### [Requirement]
The full set of entries, reproduced exactly, is the expected answer.

*** Input for this task ***

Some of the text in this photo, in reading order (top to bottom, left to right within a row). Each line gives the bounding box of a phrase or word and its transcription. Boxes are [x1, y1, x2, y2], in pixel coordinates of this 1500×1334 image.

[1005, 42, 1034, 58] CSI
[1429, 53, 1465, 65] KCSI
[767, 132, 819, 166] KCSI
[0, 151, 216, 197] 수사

*** End of Input for this task ***

### [Answer to the exercise]
Some of the text in this photo, in reading order (top to bottom, left to right within a row). Each line gives the bounding box of a phrase or word and its transcription. Boxes are [x1, y1, x2, y2], in pixel coordinates of this 1500×1334 image.

[1005, 42, 1034, 58] CSI
[1429, 53, 1465, 65] KCSI
[767, 132, 819, 166] KCSI
[0, 151, 216, 197] 수사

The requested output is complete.